Roughly a month after a Capitol Hill hearing on the Obama administration’s new birth control mandate—in which Congressman Darrell Issa said “a man’s conscience” should lead the law, while he led an all-male panel—“The Hunger Games” arrived in theaters. The adaptation of the 2008 Suzanne Collins novel stars Jennifer Lawrence as Katniss: a tough competitor in a government-mandated game of life and death. The film opened to a cool $152.5 million, making it one of the top three box office opening weekend sales in North American history. As the debate raged on, so did “The Hunger Games’” success, holding down first place at the box office for four weeks straight.

Does life imitate art, or art imitate life?

In any case, “The Hunger Games” swept up the nation in its dystopian storytelling and compelling lead. DePaul junior Eunice Choi said Katniss was an alternative to the traditional American female hero.

“I think to a certain extent, Katniss is more complex than other female characters because she shows both a killing, active, masculine side and she also has a nurturing feminine side,” Choi said.

Likewise, DePaul new media and technology professor Paul Booth said the success of “The Hunger Games” portended well to more strong female characters. Because she is “such a badass,” Katniss ends up representing all women in film.

“You don’t find that with men in movies,” Booth said. “You don’t have Bruce Willis representing all men. You have Bruce Willis representing a character.” Meanwhile, Katniss’ nurturing disposition (along with her bow-and-arrow precision) helps her to survive, which separates her from, say, John McClane in “Die Hard.”

“And that’s really wonderful to see: a value placed on that sort of less active attribute,” Booth said.

Katniss could also be a turn away from the idea that women in film are just objects for the males to pine over.

“She refuses to be a sex object,” Booth said. “She’s like, ‘I don’t want to be a part of this love triangle. I don’t want to be seen that way. I want to choose how I’m seen.’”

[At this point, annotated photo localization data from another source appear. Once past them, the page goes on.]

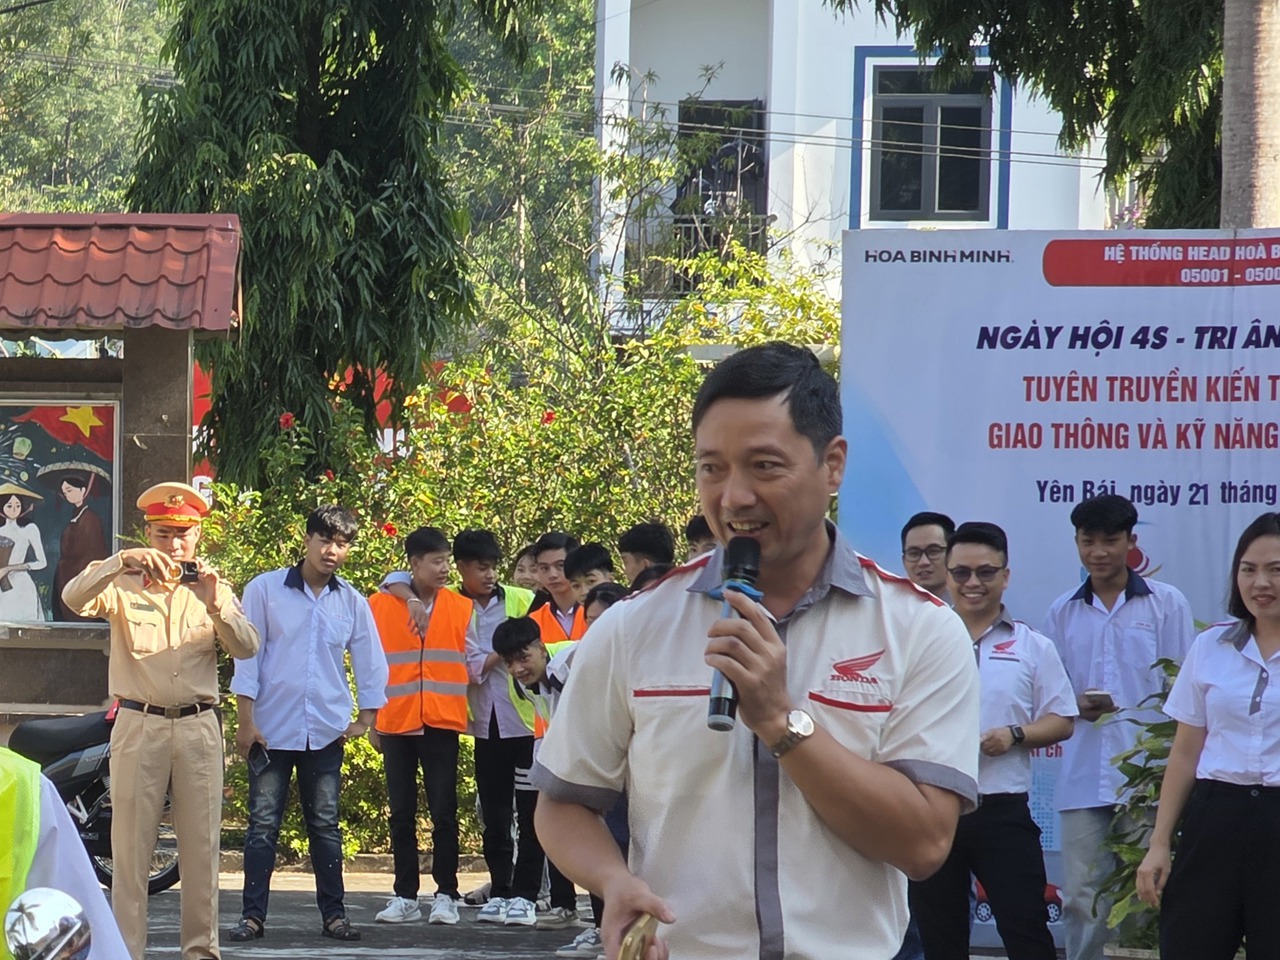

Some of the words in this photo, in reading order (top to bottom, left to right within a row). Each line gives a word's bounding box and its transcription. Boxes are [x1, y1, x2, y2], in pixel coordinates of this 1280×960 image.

[959, 250, 1011, 263] MINH
[1104, 244, 1126, 264] HỆ
[1130, 241, 1183, 261] THỐNG
[1188, 246, 1231, 261] HEAD
[1234, 242, 1267, 260] HOÀ
[1181, 268, 1229, 283] 05001
[976, 319, 1062, 350] NGÀY
[1068, 320, 1124, 357] HỘI
[1131, 326, 1169, 350] 4S
[1193, 326, 1238, 350] TRI
[1241, 318, 1280, 349] ÂN
[1023, 370, 1098, 402] TUYÊN
[1105, 366, 1197, 402] TRUYỀN
[1205, 366, 1260, 402] KIẾN
[988, 422, 1043, 449] GIAO
[1052, 417, 1129, 449] THÔNG
[1138, 417, 1168, 449] VÀ
[1176, 417, 1207, 450] KỸ
[1214, 417, 1279, 450] NĂNG
[1036, 479, 1075, 503] Yên
[1130, 480, 1181, 505] ngày
[1188, 483, 1209, 505] 21
[1220, 480, 1278, 505] tháng

However, it’s not all fun and games on the road to cinematic gender equality.

“There’s a large section of the population—‘The Hunger Games’ made the list of most banned books in school libraries as well—that is still very conservative about gender roles, and ‘The Hunger Games’ is not going to change their minds,” Booth said. “But if you can change 10 people’s minds, 100 people’s minds, and they can change people’s minds, change does happen.”

People who were shocked by “The Hunger Games’” Katniss would probably have a heart attack if they saw “Girl with the Dragon Tattoo’s” Lisbeth Salander. Though the film failed to reach the box office heights of “The Hunger Games” or “Twilight,” “Dragon Tattoo’s” simmering take on abuse and revenge resonated well with critics. Rooney Mara’s intimidating portrayal of the hacker and unorthodox detective earned her a Best Actress nomination at the Oscars: a testament to her performance and the importance of the role.

DePaul senior Kristen Micek said “Girl with the Dragon Tattoo” plays with common portrayals of women as sex objects in film.

“She’s brutalized and treated as nothing more than something to be used in parts of the film, but she exacts revenge in a similar manner,” Micek said. “Lisbeth uses, and is used [for], her sexuality, but it’s done in a very harsh and practical manner that separates it from what is typically portrayed as feminine sexuality at all.”

Booth, however, hesitates to place “Dragon Tattoo” in the same socially-progressive category as “The Hunger Games.”

“We have a very powerful female protagonist here, even though the underlying message is one that maybe misogynistic,” Booth said. “You can have something that claims to be avant-garde or breaking social norms, and have an example of something that does, but the rest of the movie [could] support the status quo in a lot of ways.”